Monday, March 16, 2009
Ruminations on a chain saw
I have a long and complicated relationship with chain saws. Seven years ago when my x-husband moved out he naturally took with him the chain saw.
That seemed perfectly reasonable to me.
Then an enormous limb fell across the driveway and it became clear that if I were going to stay here I would have to get my own chain saw. At the hardware store I asked for the lightest weight chain saw, a queen size chain saw.
Such a thing does not exist, at least not at the Hastings Hardware store. I ended up with a 14 inch HomeLite.
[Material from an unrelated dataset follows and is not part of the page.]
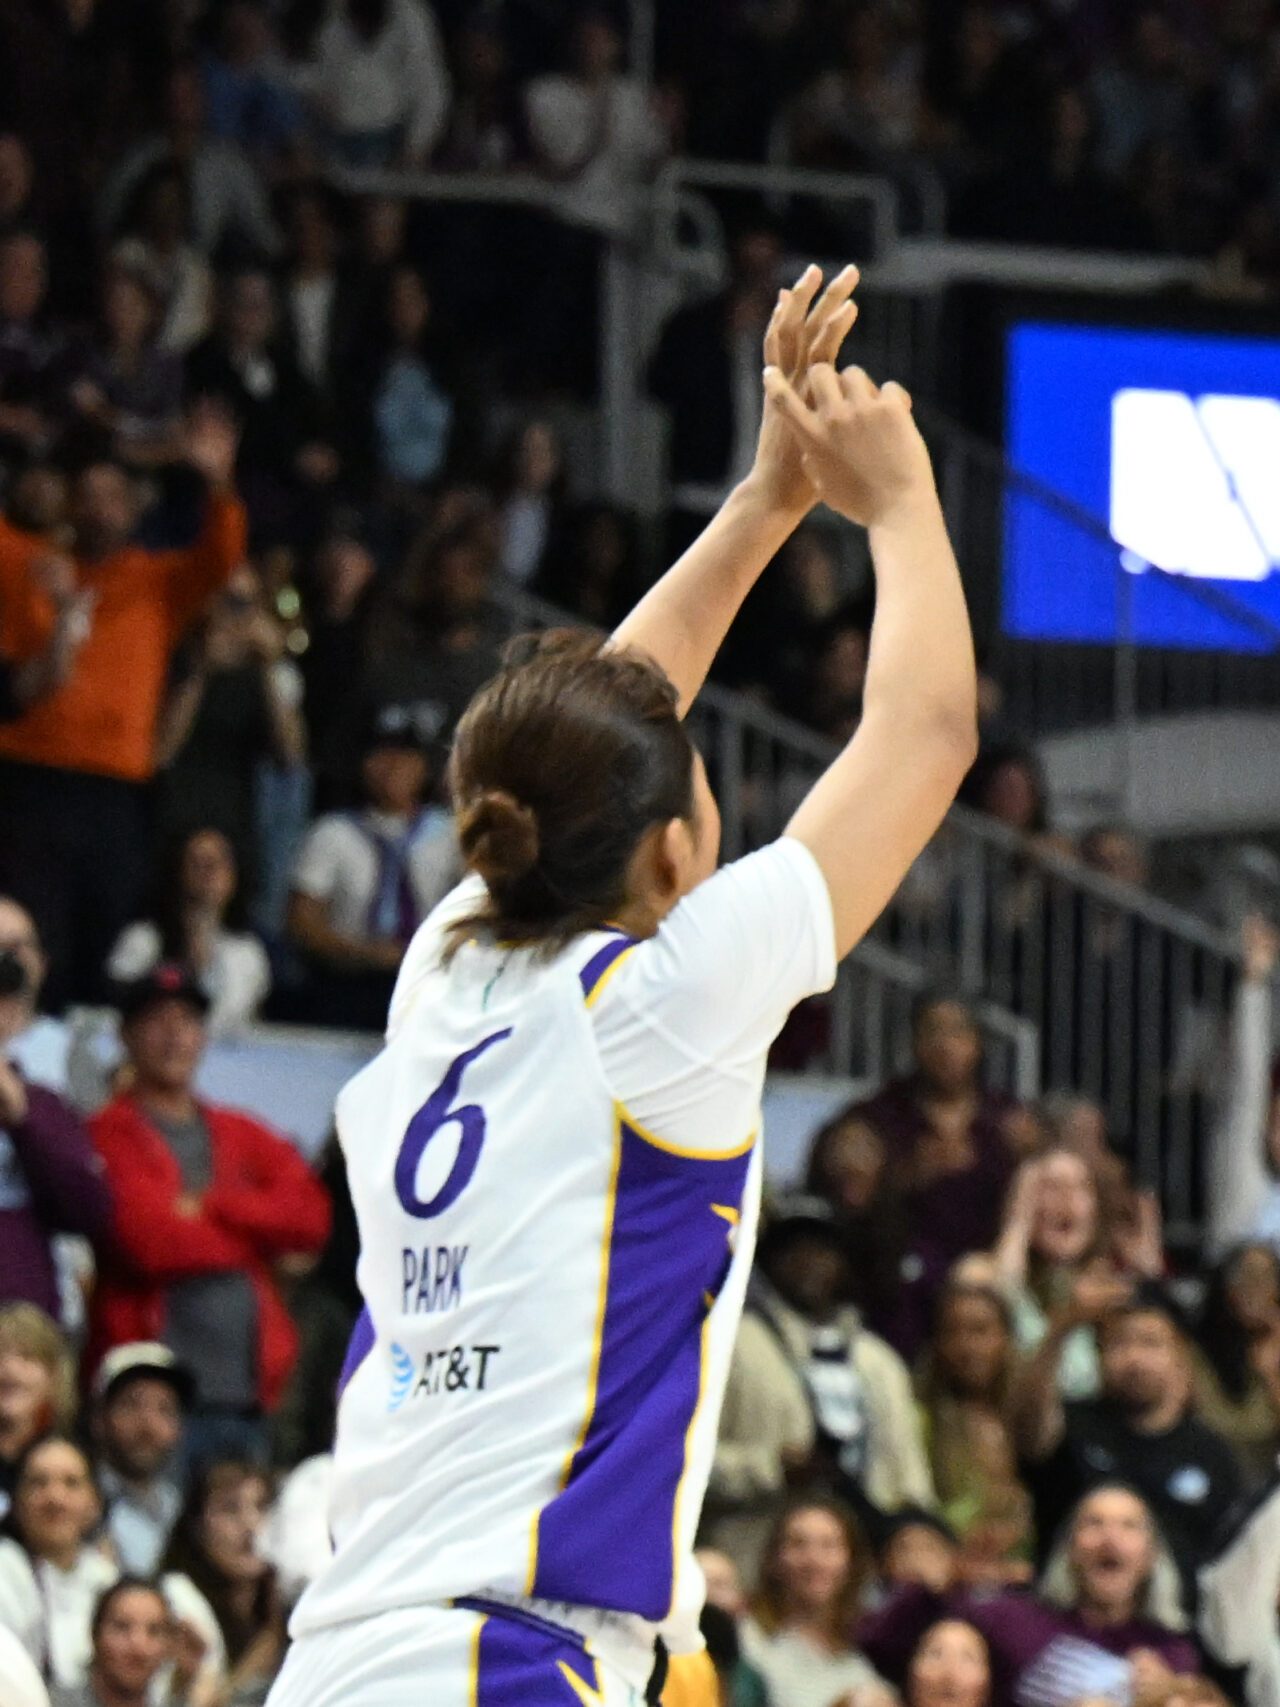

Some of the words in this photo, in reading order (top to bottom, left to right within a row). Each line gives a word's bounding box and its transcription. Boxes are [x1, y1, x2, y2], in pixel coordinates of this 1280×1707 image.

[394, 1026, 514, 1219] 6
[402, 1243, 468, 1315] PARK
[413, 1345, 501, 1398] AT&T
The hardware store man said, “Watch out for the kickback.” Which is not something that had ever been said to me before.
I gave my new chain saw a name, Frederick Barbarossa.
I read the instructions repeatedly. Eighty percent of the times I pulled the starter cord the chain saw did not start, did not purr into action. I reread the instructions.
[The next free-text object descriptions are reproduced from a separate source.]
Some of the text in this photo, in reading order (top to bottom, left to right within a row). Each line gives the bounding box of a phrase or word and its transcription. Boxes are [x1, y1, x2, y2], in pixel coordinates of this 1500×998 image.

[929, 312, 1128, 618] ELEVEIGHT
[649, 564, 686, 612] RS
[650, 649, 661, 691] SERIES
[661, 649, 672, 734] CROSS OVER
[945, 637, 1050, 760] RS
I always wore a helmet and gloves. My friend M’s husband (now very ex) loaned me his chaps, but they seemed a little over the top. Even for me.
I will cut this story short and just tell you that my chain saw skills improved and I can creditably cut up a large fallen branch. I cannot and mostly likely will never take down a dead tree with a four-foot diameter.
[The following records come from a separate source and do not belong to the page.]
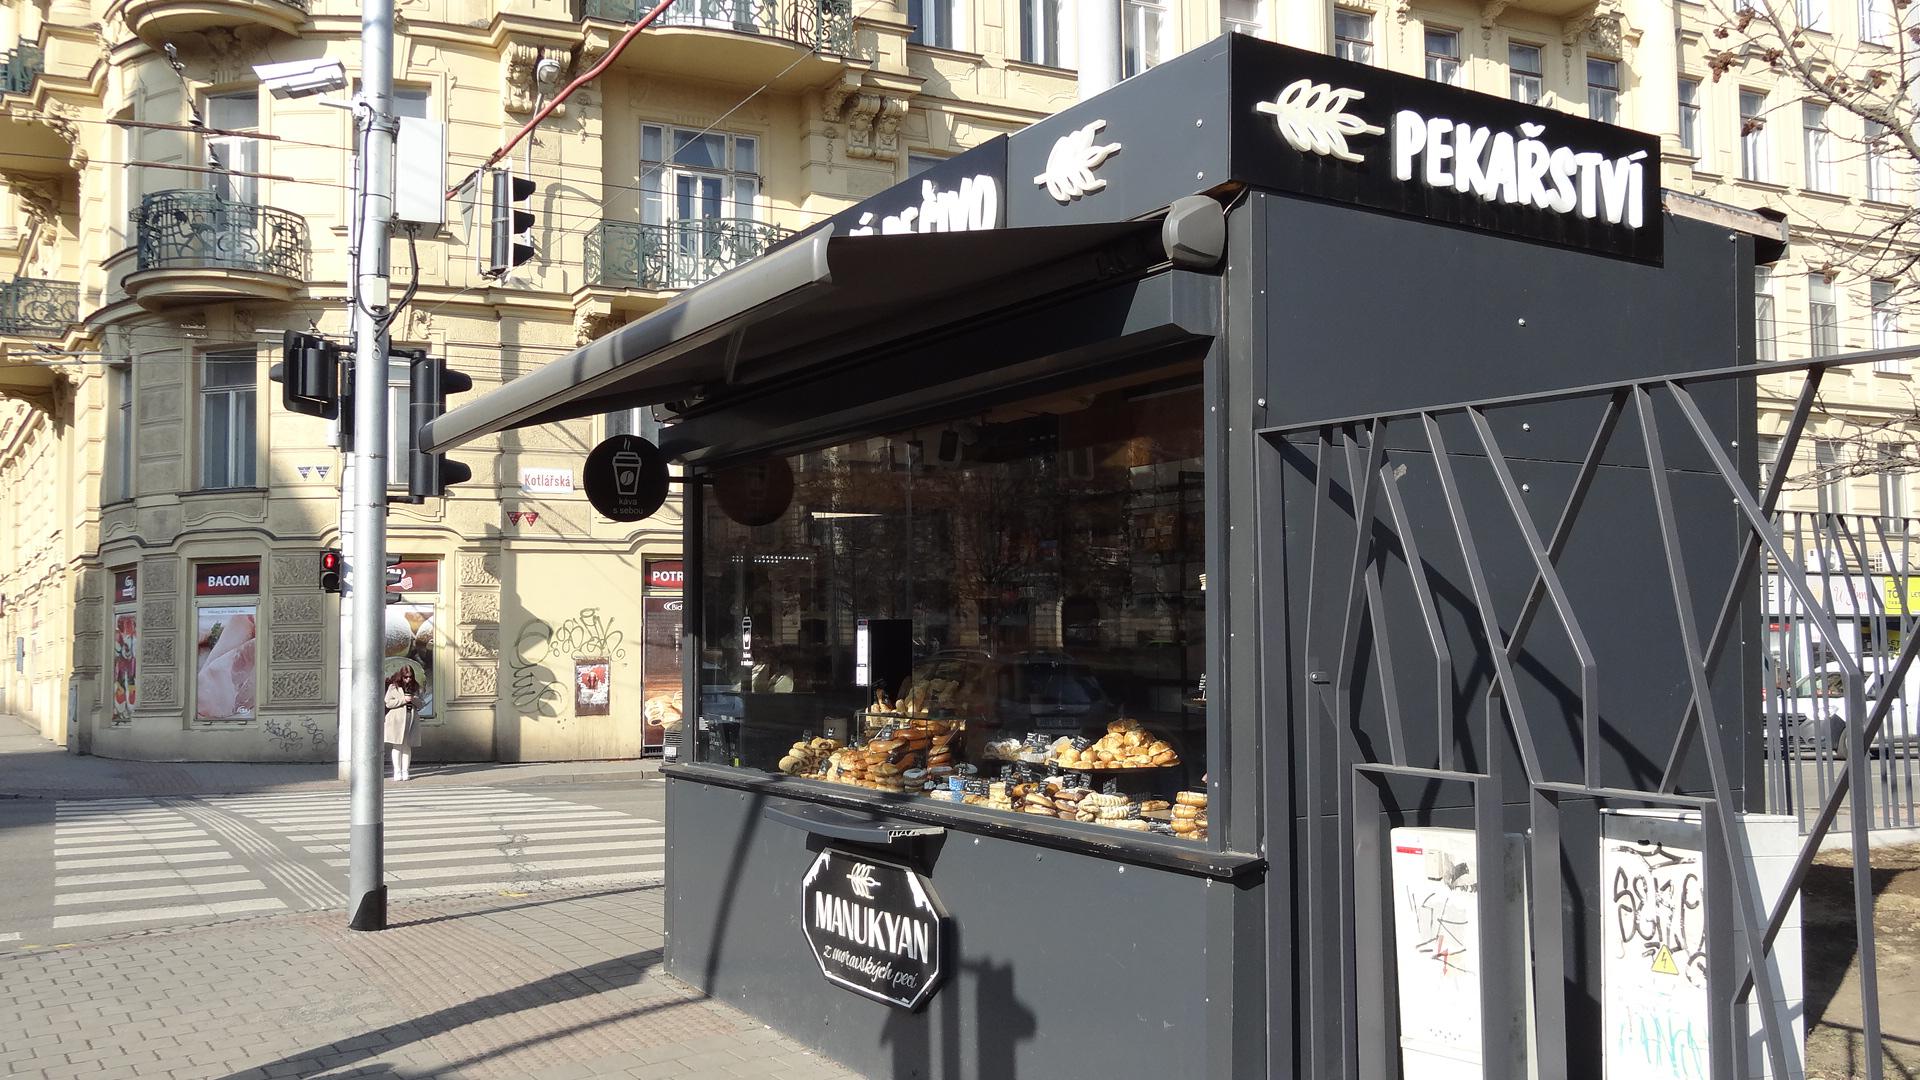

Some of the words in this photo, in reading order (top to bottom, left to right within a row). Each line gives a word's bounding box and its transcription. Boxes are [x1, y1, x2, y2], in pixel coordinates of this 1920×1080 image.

[1393, 109, 1648, 229] PEKAŘSTVÍ
[524, 473, 571, 487] Kotlářská
[207, 575, 250, 587] BACOM
[815, 891, 928, 963] MANUKYAN
[832, 946, 894, 983] moravských
But that is just what CSB did last weekend. I puttered inside the house, and outside as well; I listened to the suburban obbligato of power tools, and I hummed to the susurrus of CSB’s chain saw, which is most decidedly not Queen-size.
My chain saw days are over and this is generally a good thing. Though I can be very helpful with a hydraulic wood splitter.
Announcement of Death to Saint Fina
While CSB was taking down the dead birch I thought of Saint Seraphina laid out on her plank. Seraphina was a 13th century Italian virgin (naturally) who early on was afflicted with a painful paralysis. She thought it would be a good idea to imitate Christ on the cross, so she spent six years laying flat on a plank, never changing position.
For this remarkable feat she is a saint.